Retrospectiva 2025: Marcelo de Jesus, diretor artístico e regente titular da Orquestra de Câmara do Amazonas, maestro adjunto da Amazonas Filarmônica e consultor artístico da Secretaria de Cultura e Economia Criativa do Amazonas
Em 2025, vivi com a Amazonas Filarmônica uma temporada intensa e vibrante. Sob a direção artística do maestro Luiz Fernando Malheiro, retomamos o Festival Amazonas de Ópera com La Vorágine, La Bohème e Le Nozze di Figaro; balé Giselle na Série Encontro das Águas; e fizemos mais de 25 concertos com o Teatro Amazonas, sempre cheio. Os maestros Otávio Simões, João Carlos Martins e Hilo Carriel também participaram da temporada.
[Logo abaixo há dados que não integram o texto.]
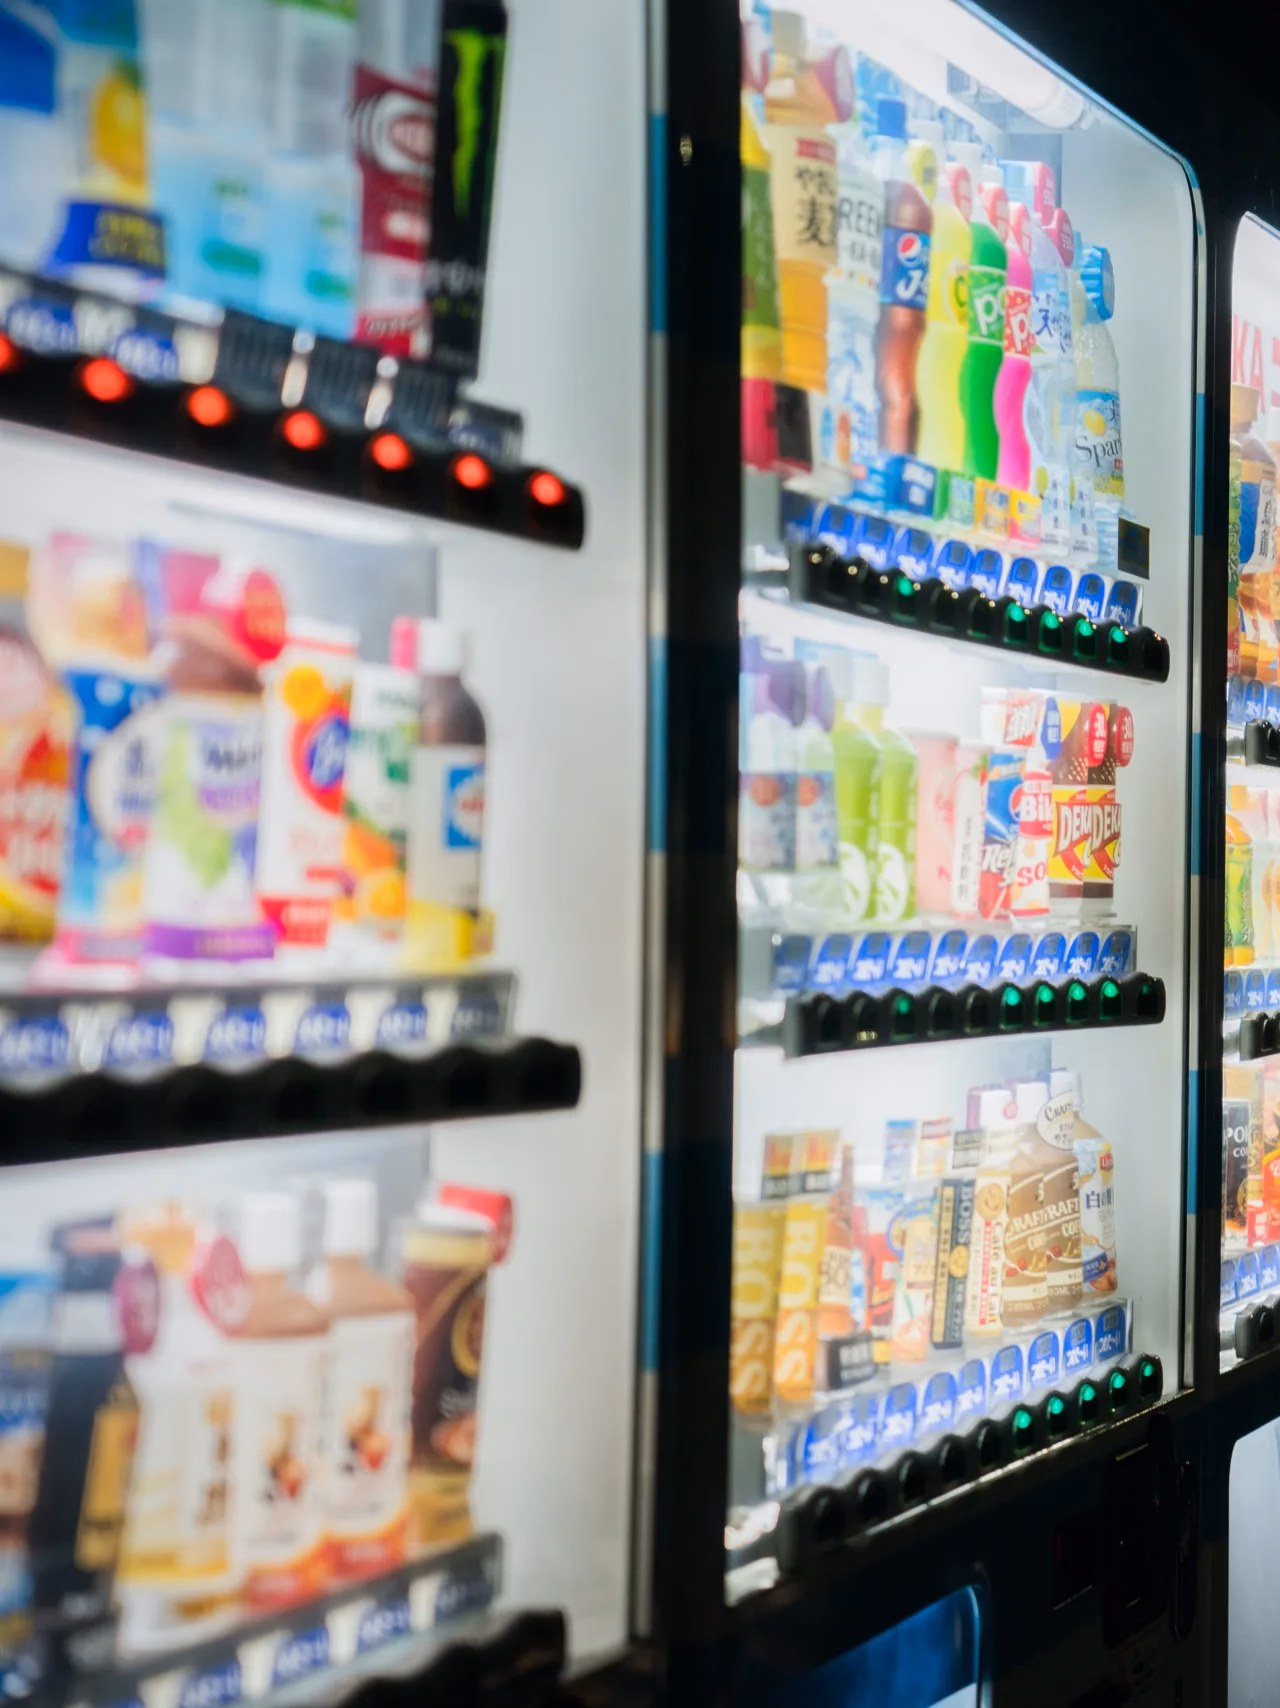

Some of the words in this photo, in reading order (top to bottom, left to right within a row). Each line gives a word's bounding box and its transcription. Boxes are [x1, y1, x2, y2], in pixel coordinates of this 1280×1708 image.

[957, 1185, 974, 1245] BOSS
[1045, 1198, 1080, 1220] RAFT
[730, 1227, 775, 1396] BOSS
[775, 1220, 818, 1384] BOSS
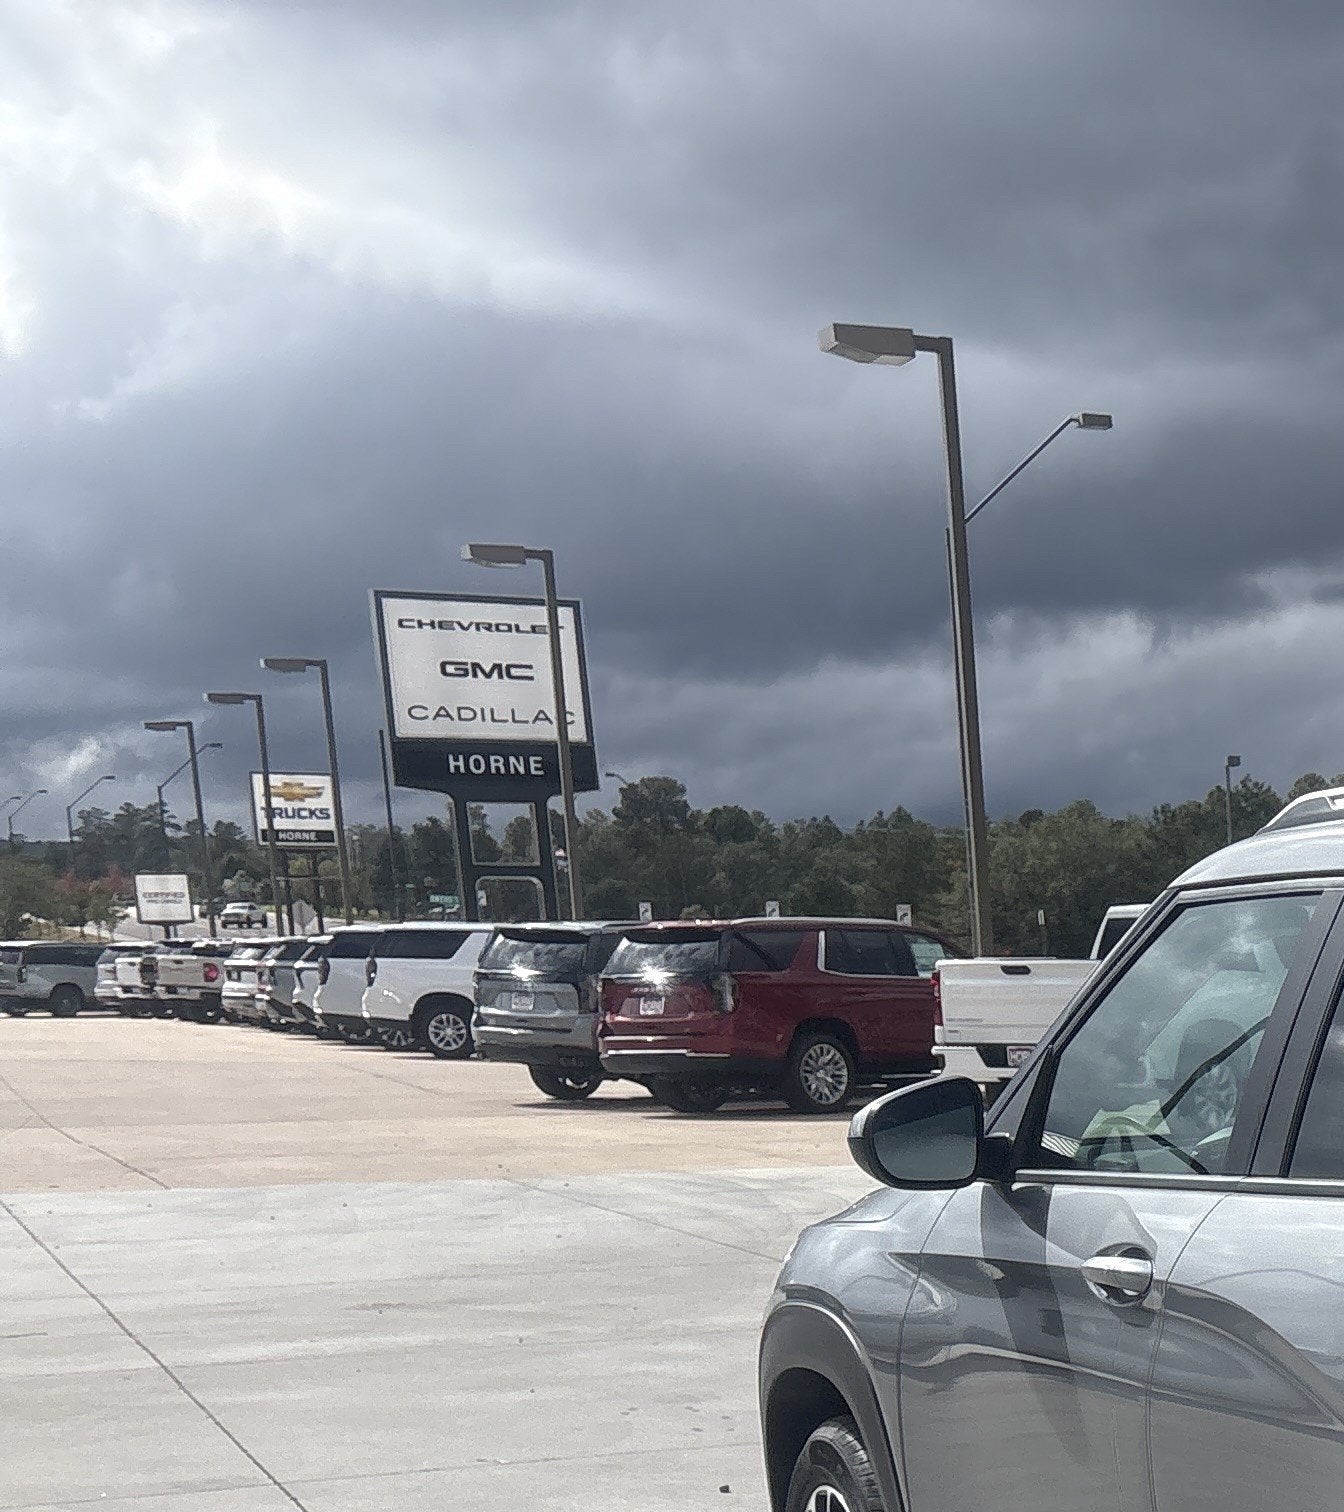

Ampliamos nossas ações educativas com concertos didáticos em escolas e recebemos solistas como Denise de Freitas, Ludmilla Bauerfeldt, Dmytro Udovychenko, Fábio Martino e Daniella Carvalho, além dos grandes talentos da casa, como nosso spalla Ariel Sanches. O repertório reuniu compositores de diversas épocas: Schubert, Dvořák, Strauss, Donizetti, Alexandre Guerra, Lyatoshynsky e Mahler.
Uma temporada que reafirmou a força, a versatilidade e, sobretudo, a vida pulsante da música no Amazonas.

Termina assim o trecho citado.